**PROBLEM REQUIREMENTS**
Give back every record below, character for character.

**DATA PROVIDED**
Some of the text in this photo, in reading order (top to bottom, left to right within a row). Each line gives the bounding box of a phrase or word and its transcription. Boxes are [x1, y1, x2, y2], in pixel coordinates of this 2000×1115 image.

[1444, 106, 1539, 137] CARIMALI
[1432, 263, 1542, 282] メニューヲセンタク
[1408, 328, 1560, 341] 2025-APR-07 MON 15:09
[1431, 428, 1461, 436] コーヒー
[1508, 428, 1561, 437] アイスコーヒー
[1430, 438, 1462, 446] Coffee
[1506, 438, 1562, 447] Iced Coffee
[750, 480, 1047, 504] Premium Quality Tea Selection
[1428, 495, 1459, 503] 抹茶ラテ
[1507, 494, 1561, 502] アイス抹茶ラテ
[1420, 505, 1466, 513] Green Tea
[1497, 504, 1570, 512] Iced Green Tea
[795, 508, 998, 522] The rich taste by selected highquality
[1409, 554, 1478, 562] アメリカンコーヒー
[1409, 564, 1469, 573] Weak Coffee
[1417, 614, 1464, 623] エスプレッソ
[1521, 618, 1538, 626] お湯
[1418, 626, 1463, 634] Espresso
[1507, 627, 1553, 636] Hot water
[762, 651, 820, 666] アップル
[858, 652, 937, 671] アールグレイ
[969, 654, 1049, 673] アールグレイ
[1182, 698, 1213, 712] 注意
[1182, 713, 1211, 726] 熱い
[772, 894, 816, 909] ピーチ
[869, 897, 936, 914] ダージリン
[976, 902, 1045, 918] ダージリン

**WRITTEN ANSWER**
Some of the text in this photo, in reading order (top to bottom, left to right within a row). Each line gives the bounding box of a phrase or word and its transcription. Boxes are [x1, y1, x2, y2], in pixel coordinates of this 2000×1115 image.

[1444, 106, 1539, 137] CARIMALI
[1432, 263, 1542, 282] メニューヲセンタク
[1408, 328, 1560, 341] 2025-APR-07 MON 15:09
[1431, 428, 1461, 436] コーヒー
[1508, 428, 1561, 437] アイスコーヒー
[1430, 438, 1462, 446] Coffee
[1506, 438, 1562, 447] Iced Coffee
[750, 480, 1047, 504] Premium Quality Tea Selection
[1428, 495, 1459, 503] 抹茶ラテ
[1507, 494, 1561, 502] アイス抹茶ラテ
[1420, 505, 1466, 513] Green Tea
[1497, 504, 1570, 512] Iced Green Tea
[795, 508, 998, 522] The rich taste by selected highquality
[1409, 554, 1478, 562] アメリカンコーヒー
[1409, 564, 1469, 573] Weak Coffee
[1417, 614, 1464, 623] エスプレッソ
[1521, 618, 1538, 626] お湯
[1418, 626, 1463, 634] Espresso
[1507, 627, 1553, 636] Hot water
[762, 651, 820, 666] アップル
[858, 652, 937, 671] アールグレイ
[969, 654, 1049, 673] アールグレイ
[1182, 698, 1213, 712] 注意
[1182, 713, 1211, 726] 熱い
[772, 894, 816, 909] ピーチ
[869, 897, 936, 914] ダージリン
[976, 902, 1045, 918] ダージリン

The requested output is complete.